46. IMFACT - FEEL SO GOOD
IMFACT is another group that I don't really stan but my god this song is amazing! the beat drop is crazy and their dancing blows me away
45. INFINITE - THE EYE
This group continues to comeback with catchy songs! I don’t think I’ll ever get tired of hearing this song
44. KNK - U
It was such a shame the MV for this song didn't get release but nevertheless this song definitely deserves to be in my top 50. “ I need U!,U,U,U,U” aah I love it
43. SEVENTEEN - FAST PACE
WOW! I’m kinda speechless when it comes to my opinion on this song .... one word... sexy
42. MONSTA X - QUEEN
Monsta x my boys!! I love them so much and they never disappoint! I can’t quite believe this song is only 42 on my list :O but honestly there were sooo many good songs this year. I LOVE this song it is such a jam!!
41. SEVENTEEN - AJU NICE
Another Seventeen song? You’ll start to see a pattern soon of who my bias groups are...but anyways I love love love this song, from the lyrics to the choreography to the gorgeous outfits! Their stylist needs a pay rise I swear
40. JESSICA - FLY
As I’m sure you are figuring out, I don’t tend to stan female groups/singers so I don’t really know much about Jessica except that she is a former member of girls generation but I discovered this song on youtube one day and loved it!

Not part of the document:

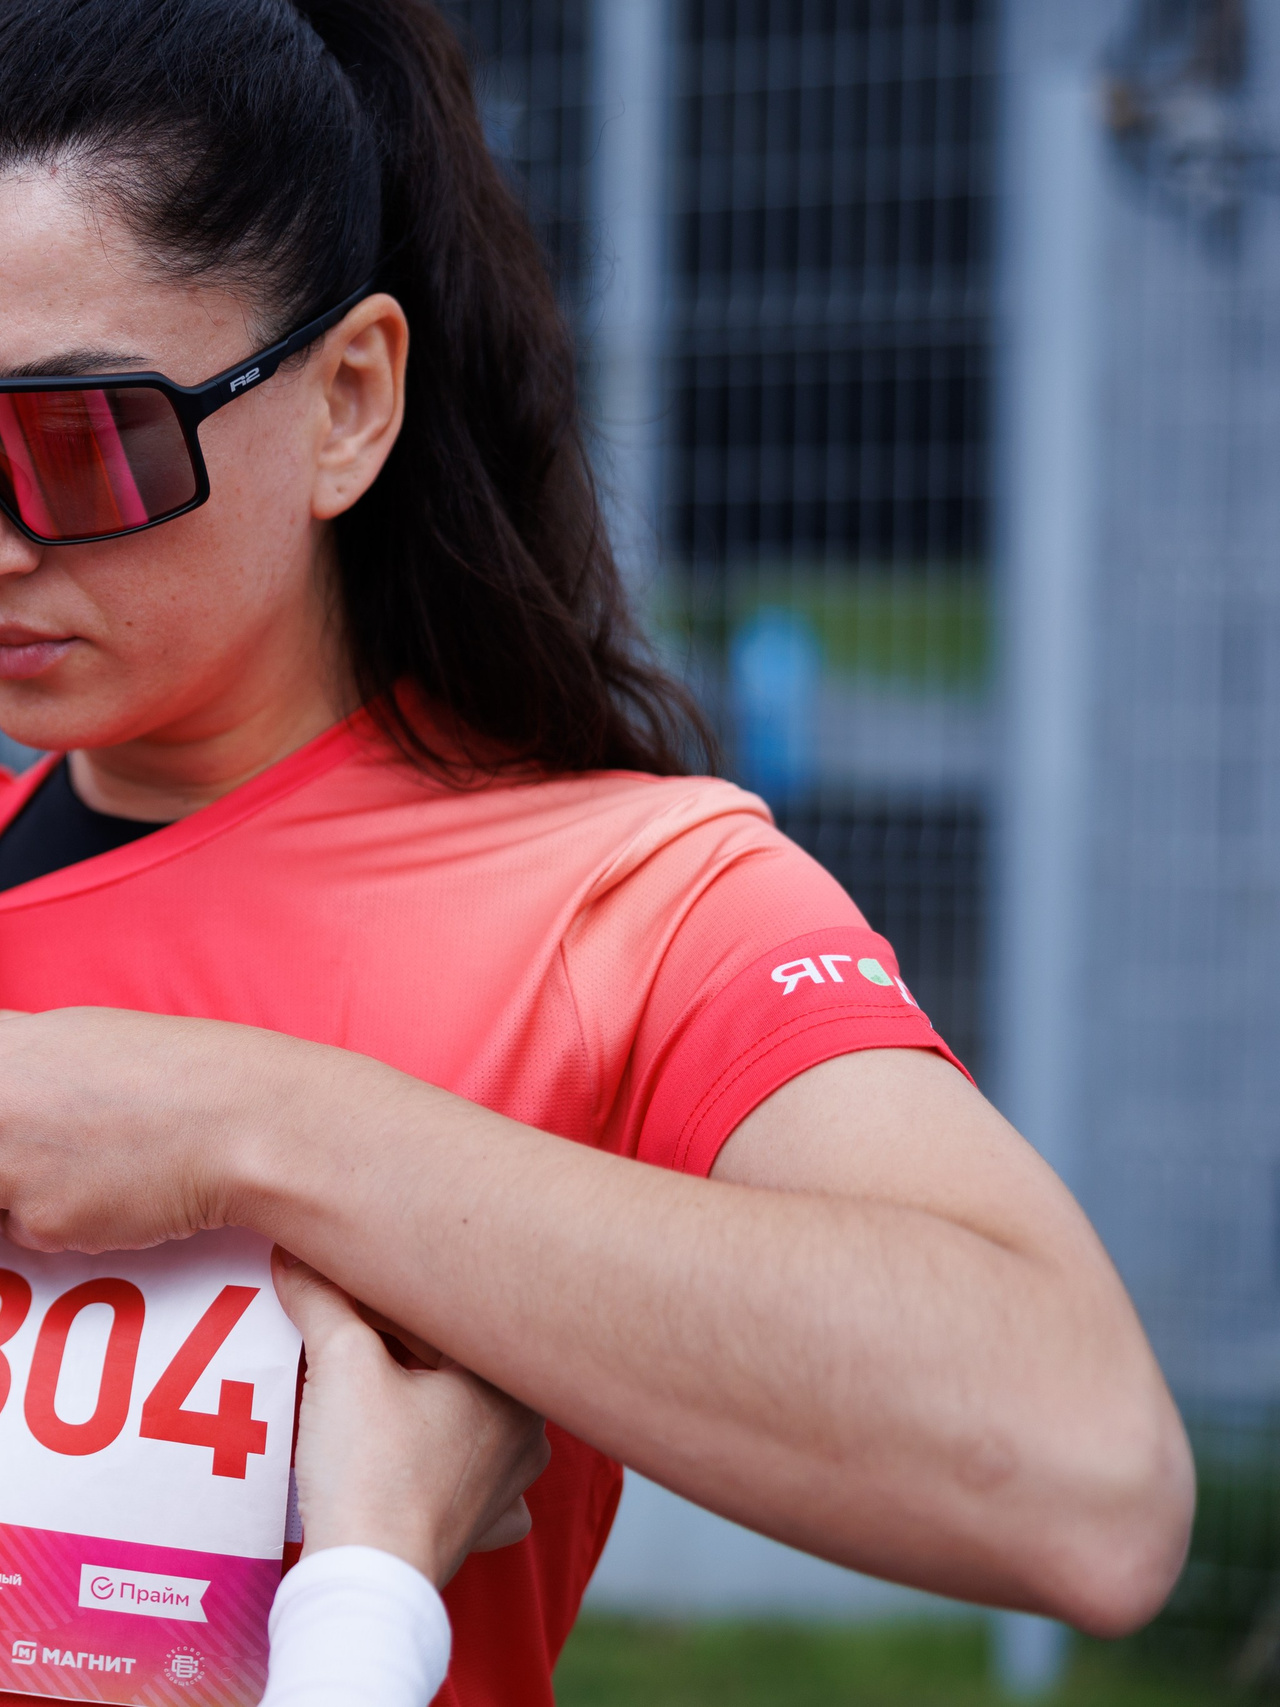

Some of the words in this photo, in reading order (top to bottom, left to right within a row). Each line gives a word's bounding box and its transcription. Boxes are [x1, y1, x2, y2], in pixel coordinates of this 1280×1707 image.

[120, 1582, 190, 1607] Прайм
[41, 1647, 136, 1675] МАГНИТ
[166, 1645, 206, 1661] БЕГОВОЕ
[163, 1667, 206, 1687] СООБЩЕСТВО

39. B.A.P - SKYDIVE THIS SONG AAAH! But lets not forget the amazing Oscar winning music video omg... I have watched it too many times, I love their dark concept
38. IOI - VERY VERY VERY
IOI was probably my favourite girl group so I was so shocked to hear they had disbanded! I liked how upbeat this song was and for a non Korean speaker the chorus was fairly easy to sing to ;)
37. TOPPDOGG - RAINY DAY
STAN THESE BOYS! they are so underrated that it saddens me! I really did not expect this style of song from toppdogg but I dig it so much!
36. BTS- BOY MEETS EVIL
(Right I just would like to say first BTS are my all time fav kpop group hence my tumblr account being 99% BTS so it was extremely hard to not put EVERY song that bts released in 2016 in this list so taking that into account I think I did pretty well.) J-HOPE my god you slayed this song! It is low-key (high key!!) sexy and I love it
35. 2PM- PROMISE (I’LL BE)
DADDIES! I hate using that word but forreal it was the first word that came to mind. They are just soo mature in their vocals and the way they present themselves. You can’t not love them
34. BTS - AM I WRONG
It was a toss up between am I wrong and 21st Century Girl but I had to pick Am I Wrong because when I first listened to the album I remember how socked and I hype I was listening to this song! It is just so different to their usual songs but I love it nonetheless :D
33. BTOB - I’LL BE YOUR MAN
What a beautiful song! I love everything about it! this is probably a good time to also congratulate Peniel for being so brave and opening up about his hair loss <3 I love the part where the vocalists are all kneeling down around my two boys when they are going all in with their rap! it is so powerful.
32. LEE HI - MY LOVE
I’m quite surprised myself that I put this song in my top 50 because 1) its a female singer and 2) it is a very slow song. but anyhooo this song is one of the most beautiful songs I have ever heard. I cam across it watching scarlet heart ryeo: moon lovers and as soon as I heard it, I had to research it and find it because woah!!
31. MADTOWN - EMPTINESS
Again, such a beautiful song and don’t get me started on Lee Geon notes at the end... that is one stunning man trust me
30. GOT7 - BOOM X3
Now I have to admit, I’m not a huge GOT7 stan... I love a lot of their music don't get me wrong, I just don’t follow them religiously haha! but I love love this song especially the contrast between jackson’s and yugyeom’s voices. All of their voices just fit so well with each other.
29. KANTO - LONELY
I had never heard of this man before this song but forreal where has he been all my life!!? this song is such a jam, I highly recommend it!
28. MONSTA X - STUCK
I remember when I first heard this song and I fell in love straight away, so you could image my reaction when the music video was released! it was everything I wanted plus more. Well done boys !!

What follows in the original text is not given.